The bulk of state spending goes to three areas: crime, health and welfare, and education. When the economy contracts, unemployment goes up, and the need for spending on health, welfare, and crime seems much more immediate. Education funding is always more of a long-term investment and seems harder to justify in the immediate presence of an emergency.
Moreover, education funding is usually discussed at the state level in terms of primary and secondary education. Every legislative district in every state has primary and secondary schools within its boundaries, as well as students, teachers, and parents of school-age children. Although many also contain institutions of higher education, the numbers are not as overwhelming. As a result, the commitment to primary and secondary education usually overshadows that to higher education. Unfortunately, some states see conflicts between the two sectors, which hurts both, but which tends to hurt higher education more.

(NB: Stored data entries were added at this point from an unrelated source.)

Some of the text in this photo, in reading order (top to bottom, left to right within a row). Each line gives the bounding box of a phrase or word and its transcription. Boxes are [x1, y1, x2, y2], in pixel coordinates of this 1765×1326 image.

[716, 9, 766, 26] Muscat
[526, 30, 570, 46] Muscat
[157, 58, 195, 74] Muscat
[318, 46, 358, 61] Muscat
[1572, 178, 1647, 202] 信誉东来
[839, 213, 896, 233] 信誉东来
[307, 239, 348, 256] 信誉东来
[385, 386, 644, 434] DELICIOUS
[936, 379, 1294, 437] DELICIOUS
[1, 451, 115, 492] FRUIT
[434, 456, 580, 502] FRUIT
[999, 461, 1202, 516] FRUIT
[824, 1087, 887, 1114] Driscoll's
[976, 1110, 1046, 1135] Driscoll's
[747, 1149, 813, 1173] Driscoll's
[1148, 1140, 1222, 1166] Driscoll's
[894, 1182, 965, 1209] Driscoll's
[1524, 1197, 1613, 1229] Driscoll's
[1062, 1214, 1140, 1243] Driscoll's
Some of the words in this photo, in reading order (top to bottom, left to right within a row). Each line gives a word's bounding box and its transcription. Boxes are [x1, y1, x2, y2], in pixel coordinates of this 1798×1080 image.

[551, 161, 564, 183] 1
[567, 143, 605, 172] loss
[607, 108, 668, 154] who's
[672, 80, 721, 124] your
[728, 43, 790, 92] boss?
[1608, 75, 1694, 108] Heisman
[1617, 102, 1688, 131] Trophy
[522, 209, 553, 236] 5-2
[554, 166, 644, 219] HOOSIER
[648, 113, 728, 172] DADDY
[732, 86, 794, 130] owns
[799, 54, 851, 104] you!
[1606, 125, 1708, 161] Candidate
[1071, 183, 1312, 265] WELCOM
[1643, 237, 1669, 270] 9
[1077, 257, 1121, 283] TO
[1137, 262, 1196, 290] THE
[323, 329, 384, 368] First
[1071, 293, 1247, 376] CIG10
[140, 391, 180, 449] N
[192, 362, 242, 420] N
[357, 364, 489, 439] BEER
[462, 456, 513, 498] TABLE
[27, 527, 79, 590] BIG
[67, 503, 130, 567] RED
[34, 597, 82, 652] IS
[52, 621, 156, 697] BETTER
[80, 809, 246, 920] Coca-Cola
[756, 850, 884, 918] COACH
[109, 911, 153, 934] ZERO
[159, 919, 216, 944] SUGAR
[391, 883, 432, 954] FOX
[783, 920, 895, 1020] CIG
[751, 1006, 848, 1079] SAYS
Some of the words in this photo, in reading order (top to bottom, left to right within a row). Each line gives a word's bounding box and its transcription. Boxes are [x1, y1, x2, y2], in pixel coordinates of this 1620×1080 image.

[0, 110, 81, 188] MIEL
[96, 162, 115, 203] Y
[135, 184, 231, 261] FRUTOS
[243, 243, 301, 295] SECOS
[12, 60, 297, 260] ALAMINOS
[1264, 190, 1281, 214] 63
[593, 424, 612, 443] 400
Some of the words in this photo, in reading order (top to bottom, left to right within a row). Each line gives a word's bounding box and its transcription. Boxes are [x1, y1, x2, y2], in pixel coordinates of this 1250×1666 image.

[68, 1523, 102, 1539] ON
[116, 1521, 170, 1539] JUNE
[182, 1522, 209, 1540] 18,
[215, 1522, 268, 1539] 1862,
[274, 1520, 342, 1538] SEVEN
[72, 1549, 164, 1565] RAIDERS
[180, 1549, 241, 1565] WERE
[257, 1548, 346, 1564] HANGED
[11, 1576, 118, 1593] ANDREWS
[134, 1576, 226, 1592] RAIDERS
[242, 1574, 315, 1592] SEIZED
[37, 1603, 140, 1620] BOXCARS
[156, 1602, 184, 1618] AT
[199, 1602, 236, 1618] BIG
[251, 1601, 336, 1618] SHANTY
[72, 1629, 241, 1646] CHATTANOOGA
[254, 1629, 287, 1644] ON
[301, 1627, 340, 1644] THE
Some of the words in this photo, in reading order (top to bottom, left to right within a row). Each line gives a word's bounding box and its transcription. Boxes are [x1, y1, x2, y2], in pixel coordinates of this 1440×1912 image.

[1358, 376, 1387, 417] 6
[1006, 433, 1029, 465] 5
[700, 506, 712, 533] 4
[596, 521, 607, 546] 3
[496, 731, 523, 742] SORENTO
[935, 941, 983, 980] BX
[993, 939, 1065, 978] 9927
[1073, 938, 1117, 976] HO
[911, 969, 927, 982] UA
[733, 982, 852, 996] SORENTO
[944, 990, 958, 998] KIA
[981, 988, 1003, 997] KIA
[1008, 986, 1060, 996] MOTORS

For example, in Alabama the governor imposed a 6.2 percent decrease in public education funding in response to a budget crisis in February 2001. A state court ruled that elementary and secondary education were essential state functions, so the governor moved to concentrate the cuts in higher education. Some colleges and universities suddenly found themselves facing 18 percent cuts in previously approved spending. Subsequent court decisions spared higher education the worst of the cuts, but the outlook remains bleak.
Ohio is facing a different scenario. After passage of a bill decreasing state aid to higher education, several state institutions proposed severe tuition increases. The presidents of state institutions had warned of such a response to reductions in the state subsidy for higher education. Ohio State University has proposed a 34 percent tuition hike, and Ohio University is proposing a 20 percent increase. The governor has publicly chastised the presidents, and some legislators are talking of reimposing tuition caps. Ohio had a tuition cap until early 2001, when the legislature repealed it because of the economic downturn. One state senator has offered an alternative approach in the form of a resolution that would lower college tuition by restoring $100 million to the Ohio board of regents' operating budget.
Wisconsin is another state facing a shortfall because revenue expectations are down. Last fall, the governor ordered an across-the-board 3.5 percent cut, but exempted instructional budgets for colleges. In January the governor proposed a more extensive reduction in state spending in order to avoid tax increases. The governor, who took over in midterm when former governor Tommy Thompson moved to Washington to become the federal Secretary of Health and Human Services, is facing reelection this fall. He is so defensive about the projected deficits that he has put up a link on the governor's official Web site to a report showing the budget deficits of other states thus stressing that Wisconsin is not alone.
Congress created the National Commission on the Cost of Higher Education in 1997 in response to public concern about the rising price of a college education. The commission's final report emphasized the difference between the concepts of "cost" (what is spent to educate each student) and "price" (what students are charged and what they pay) in higher education. Financial aid packages and state subsidies change the price but not the cost. The commission concluded that a relative drop in state aid was the primary factor responsible for the rising price of a college education. Given that states were increasing their aid to higher education in absolute terms at that time, the projected decreases in state aid in the next few years will be that much more devastating.
Mark Smith is AAUP director of government relations.